The tide rushes into these narrow channels at a brisk pace. You have to pay careful attention to avoid getting stuck on sandbars or hitting oyster bars. There are also lots of obstacles like fallen trees, remnants of old docks, and debris. Additionally the channel itself has many deep pools over springs where you simply can’t see the bottom in the brownish water. So we rode the tide in. In places it was like mini rapids. Always a strong flowing current, fast moving, to ride. The water is topped with foam, full of all kinds of bits of debris and detritus and full of crab holes along along the muddy banks of the marsh grass. We saw mullet, smaller fish, a string ray in black about 18 inches across the wing tips and many birds, especially egrets, cranes and vultures.

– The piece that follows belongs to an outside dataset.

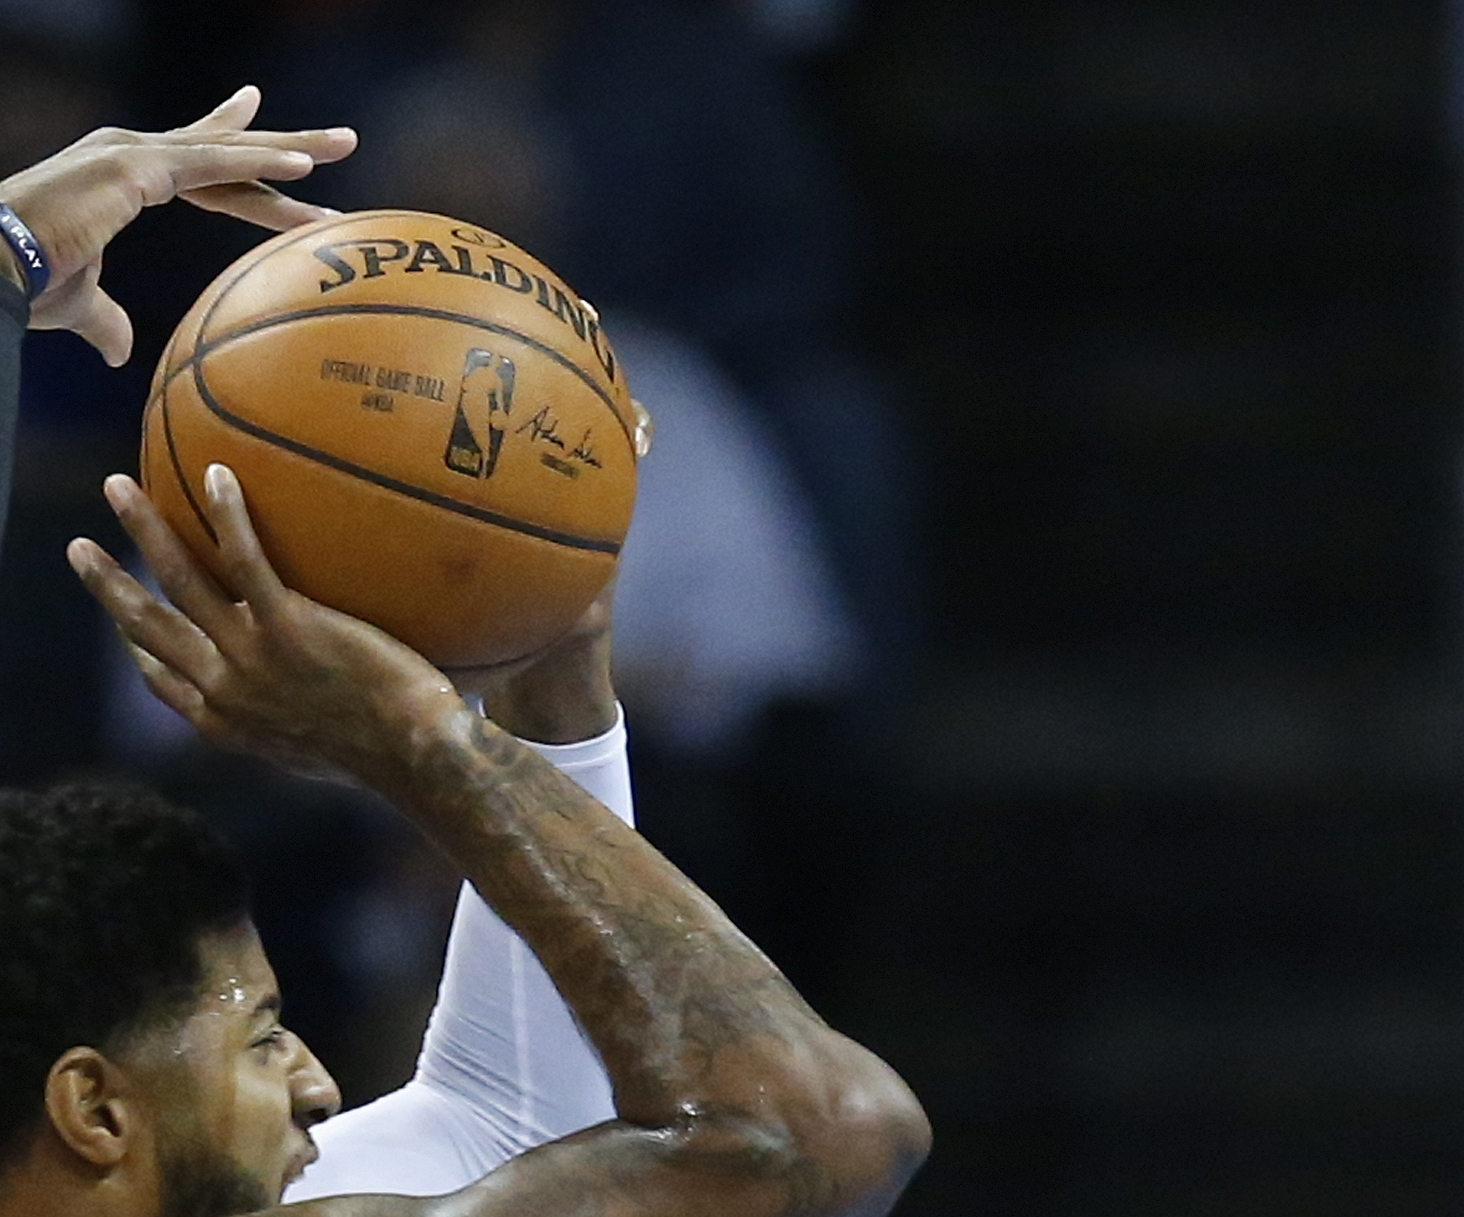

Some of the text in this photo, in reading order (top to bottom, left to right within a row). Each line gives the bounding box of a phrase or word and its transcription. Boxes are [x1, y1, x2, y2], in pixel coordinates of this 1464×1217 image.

We did not bring our camera. We have used the rice trick (putting the camera in a bag of rice to dry out) once already after a canoe trip. While the camera recovered, the calendar never worked again. My pictures always download marked as having occurred on 2013 date the camera got dunked. It was a good thing we didn’t try to take pictures. Riding the tide in those narrow channels at quite a good clip while avoiding all the potential places to spill was challenging enough. If you look at the satellite picture you can see near the end of the route one very large and very deep pool. It was a real pleasure to come charging in there at top speed and find ourselves in this huge relatively calm place. The volume of water there is so deep even the incoming tide makes only a small impression. Though the water was clear we could not see the bottom making me wonder if maybe there is a smaller version of the Wakulla springs in the deepest place.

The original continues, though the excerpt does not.